I would like every record reproduced exactly, with the pictures left out.

Exercise material>
□ □ □ □ □

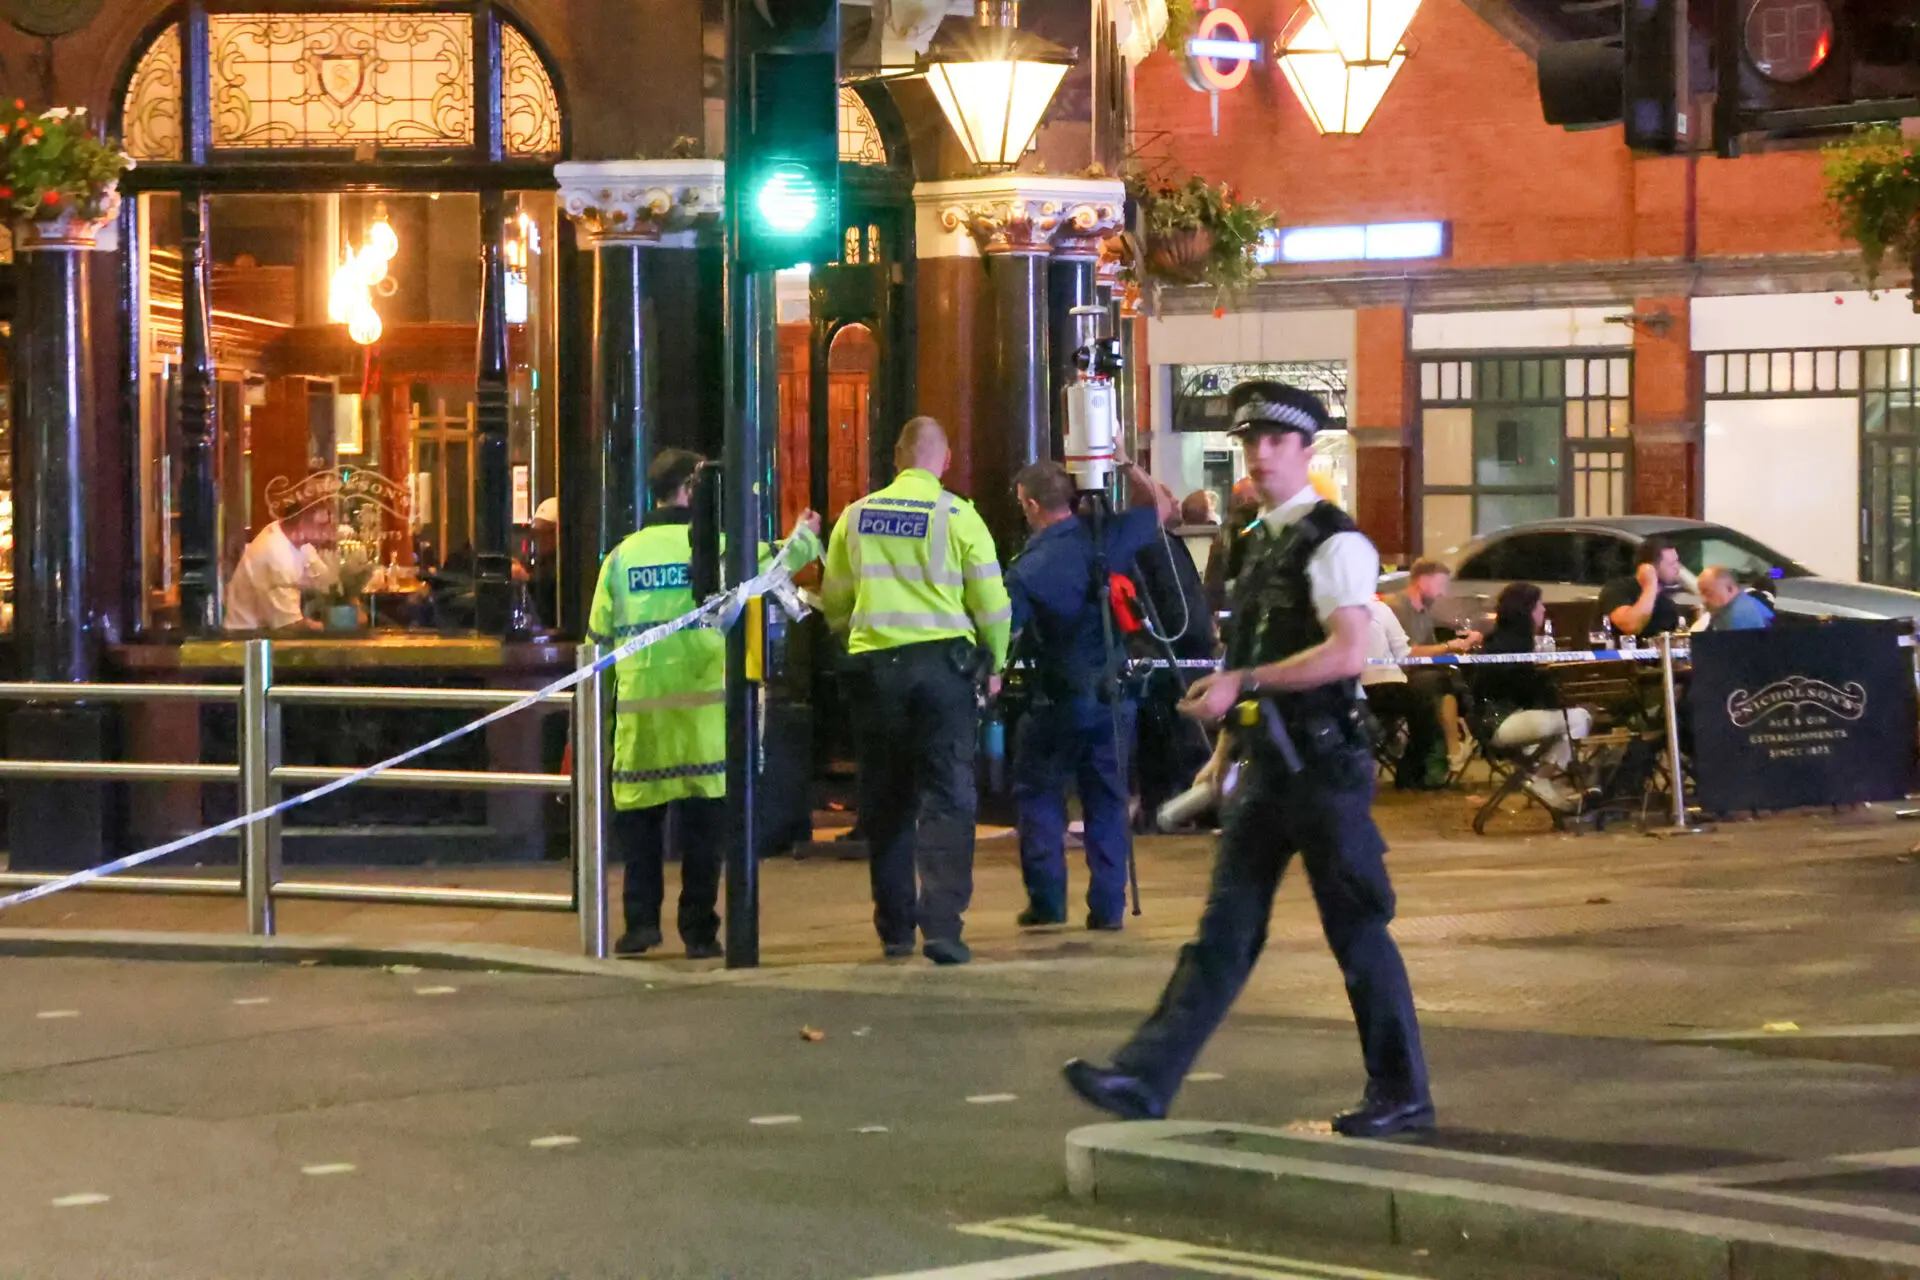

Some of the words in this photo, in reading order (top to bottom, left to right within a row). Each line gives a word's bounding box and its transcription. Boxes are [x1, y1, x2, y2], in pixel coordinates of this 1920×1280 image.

[861, 518, 925, 536] POLICE
[630, 566, 689, 589] POLICE
[1741, 688, 1852, 715] NICHOLSON'S
[1769, 718, 1789, 726] ALE
[1794, 718, 1801, 726] &
[1806, 716, 1827, 725] GIN
[1749, 730, 1848, 744] ESTABLISHMENTS
[1769, 747, 1802, 759] SINCE

□ □ □ □ □

Reply>
Some of the words in this photo, in reading order (top to bottom, left to right within a row). Each line gives a word's bounding box and its transcription. Boxes are [x1, y1, x2, y2], in pixel coordinates of this 1920×1280 image.

[861, 518, 925, 536] POLICE
[630, 566, 689, 589] POLICE
[1741, 688, 1852, 715] NICHOLSON'S
[1769, 718, 1789, 726] ALE
[1794, 718, 1801, 726] &
[1806, 716, 1827, 725] GIN
[1749, 730, 1848, 744] ESTABLISHMENTS
[1769, 747, 1802, 759] SINCE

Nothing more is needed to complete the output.